The auxiliary yard no longer sounded like training.
It sounded like preparation.
Wood cracked. Metal rang. Someone shouted in pain and didn't stop fighting. The instructors didn't correct stances anymore — they corrected hesitation. Every drill carried urgency now, a quiet understanding that the arena wasn't sport.
It was selection, an opportunity wrapped in pain.
Frankie stood against the far wall beneath the shade of a broken stone overhang, arms folded, watching the others wear themselves down. Dust clung to sweat. Shirts were already dark at the collar though the sun had barely climbed.
No one laughed anymore.
A week ago they had been classmates.
Now they were competitors.
The blessing had turned everyone into a future enemy.
Across the yard, Luca fought.
He didn't move like the others — not faster, not stronger. Cleaner. Each motion ended exactly where it needed to. No extra steps. No wasted reach. When his opponent tried to overpower him, Luca gave ground just enough to break their balance, then guided them into falling for him.
A shove to the shoulder.
A turn of the spear haft.
A soft tap to the ribs.
"Down," the instructor said.
The third opponent in a row.
Luca stepped back, breathing steady. Not triumphant. Not proud. Focused.
Frankie frowned faintly.
He was becoming visible.
And visibility was dangerous.
A pair of auxiliary boys nearby muttered.
"He's going to get it."
"No chance anyone else does."
"Unless a gifted takes the auxiliary bracket."
"They won't waste the blessing on us if they can avoid it."
Frankie filed that away.
Important.
Very important.
The blessing wasn't just reward — it was politics.
Marco stood beside her, leaning lightly on the cane though she knew he didn't actually need it anymore.
"You're thinking again," he said quietly.
"I always am."
"You're working out his chances"
Frankie didn't answer.
He smiled faintly. "You think Luca will win."
"I think he's becoming unavoidable, noticable even."
Marco watched the yard. "He deserves it."
Frankie's jaw tightened slightly.
Deserved had never meant safe.
An instructor pointed toward Marco.
"You. Step in."
Several trainees perked up.
They'd noticed Marco avoided matches when possible — and people were curious.

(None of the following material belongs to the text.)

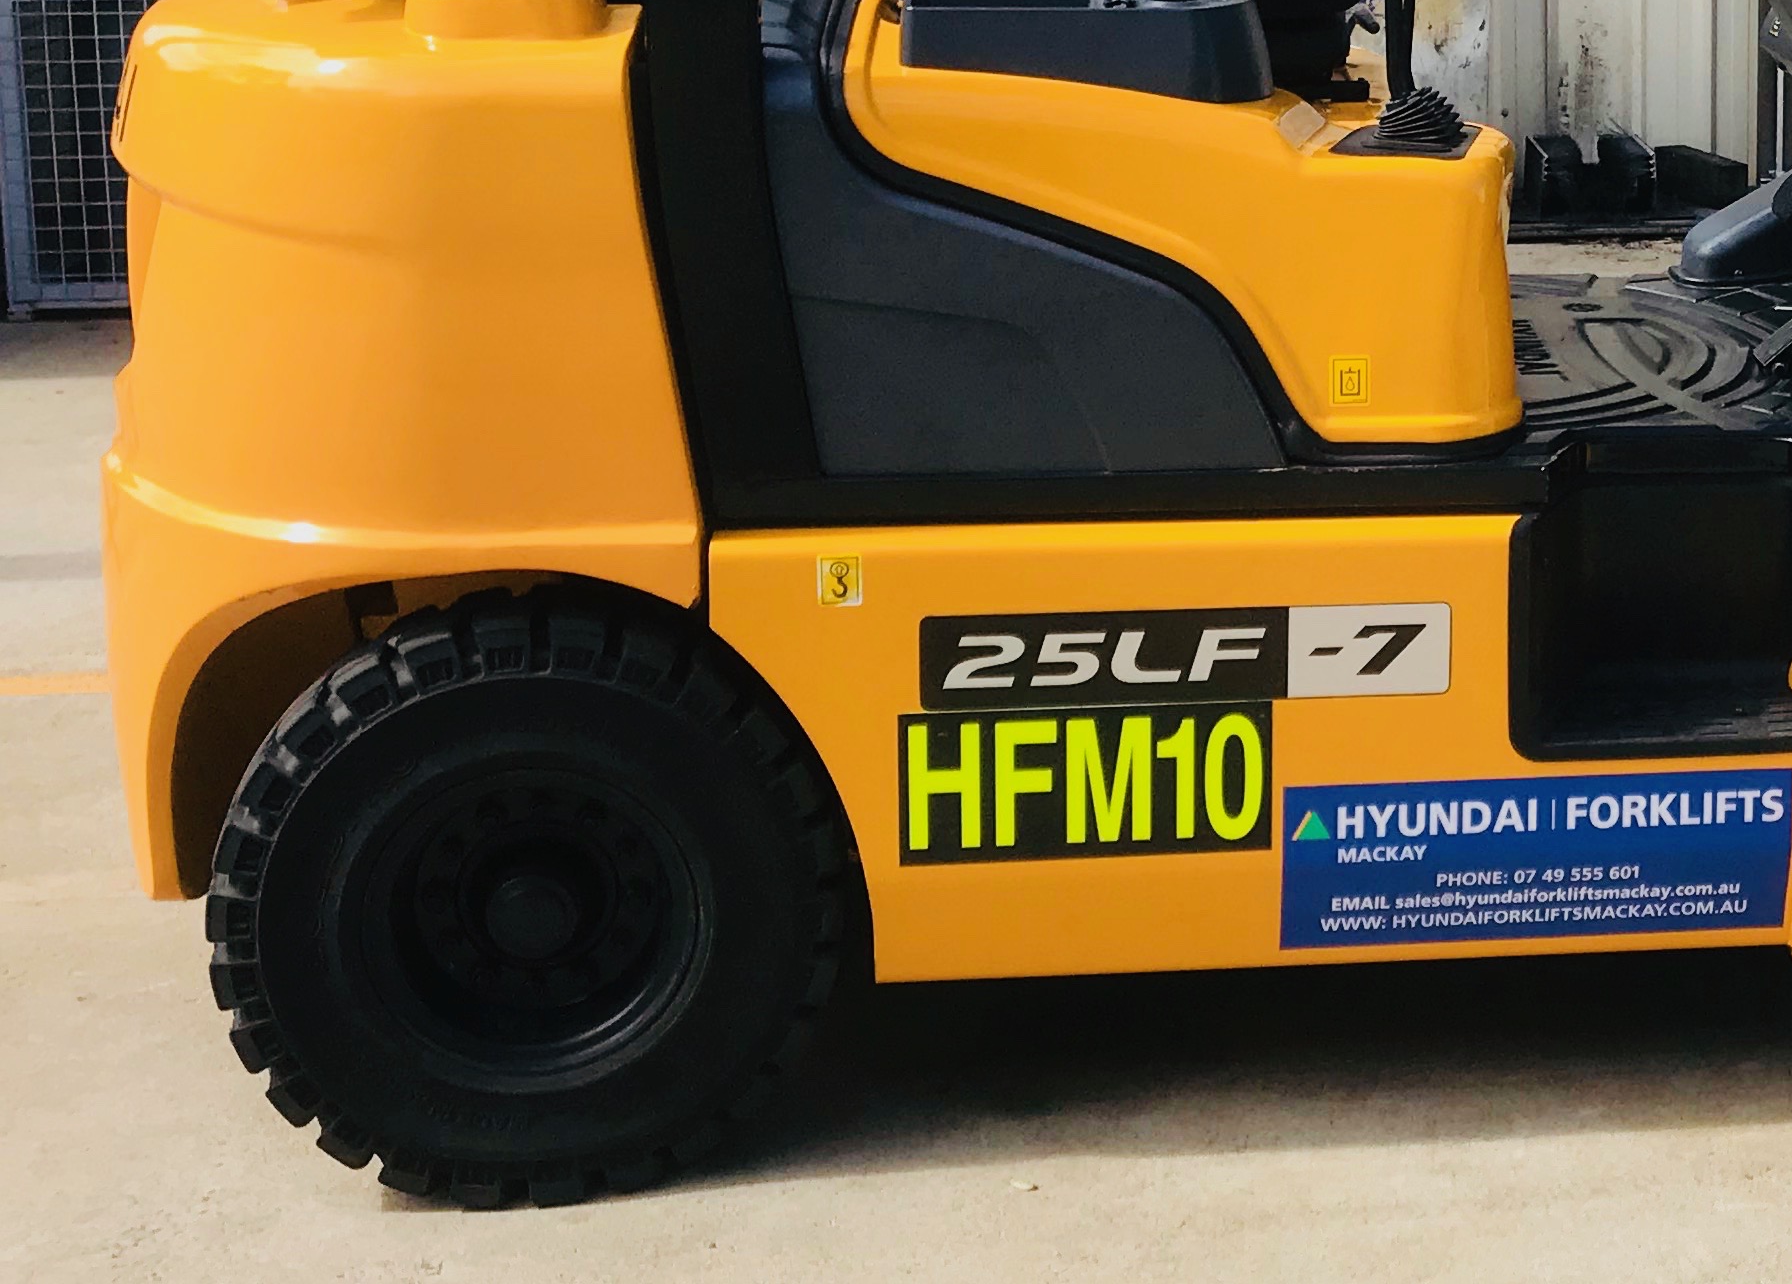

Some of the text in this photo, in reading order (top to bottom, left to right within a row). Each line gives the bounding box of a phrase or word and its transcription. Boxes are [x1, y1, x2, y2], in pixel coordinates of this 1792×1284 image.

Marco sighed softly. "I should lose."
Frankie shook her head. "Lose naturally. Not strangely."
He gave her a small look. He understood.
Marco stepped into the circle.
His opponent was Brenn — heavy shoulders, aggressive stance, the type who fought like volume equaled victory.
They saluted.
"Begin."
Brenn attacked immediately.
Marco didn't block.
He shifted — barely — letting the strike pass close enough to feel, redirecting with the lightest touch of the spear shaft. Brenn stumbled two steps forward.
Marco could have ended it.
Instead he retreated.
The second attack came faster. Brenn angry now. Sloppy.
The spear grazed Marco's forearm.
A shallow slice opened.
Several people saw it.
Blood welled—
—and stopped.
Not slowed.
Stopped.
The cut sealed as they watched.
For a heartbeat the yard went silent.
Marco tapped Brenn's chest.
"Down," the instructor said automatically.
The noise resumed too quickly.
"Barely a scratch."
"Didn't even land right."
"Angle of the light."
People explained what they needed to.
But they had seen it.
Frankie walked forward immediately, intercepting Marco before attention could linger.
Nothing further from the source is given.